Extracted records
------------------------------------------------------------------------

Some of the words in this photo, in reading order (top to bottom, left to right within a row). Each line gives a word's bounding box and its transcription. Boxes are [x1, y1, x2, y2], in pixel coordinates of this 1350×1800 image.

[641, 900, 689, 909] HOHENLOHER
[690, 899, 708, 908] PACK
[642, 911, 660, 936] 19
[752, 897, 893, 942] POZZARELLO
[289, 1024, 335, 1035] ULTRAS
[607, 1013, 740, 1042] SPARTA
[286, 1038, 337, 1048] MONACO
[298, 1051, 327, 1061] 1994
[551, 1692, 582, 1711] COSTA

------------------------------------------------------------------------

About this task - Retype all of the entries shown above, exactly.

Finished task -
Some of the words in this photo, in reading order (top to bottom, left to right within a row). Each line gives a word's bounding box and its transcription. Boxes are [x1, y1, x2, y2], in pixel coordinates of this 1350×1800 image.

[641, 900, 689, 909] HOHENLOHER
[690, 899, 708, 908] PACK
[642, 911, 660, 936] 19
[752, 897, 893, 942] POZZARELLO
[289, 1024, 335, 1035] ULTRAS
[607, 1013, 740, 1042] SPARTA
[286, 1038, 337, 1048] MONACO
[298, 1051, 327, 1061] 1994
[551, 1692, 582, 1711] COSTA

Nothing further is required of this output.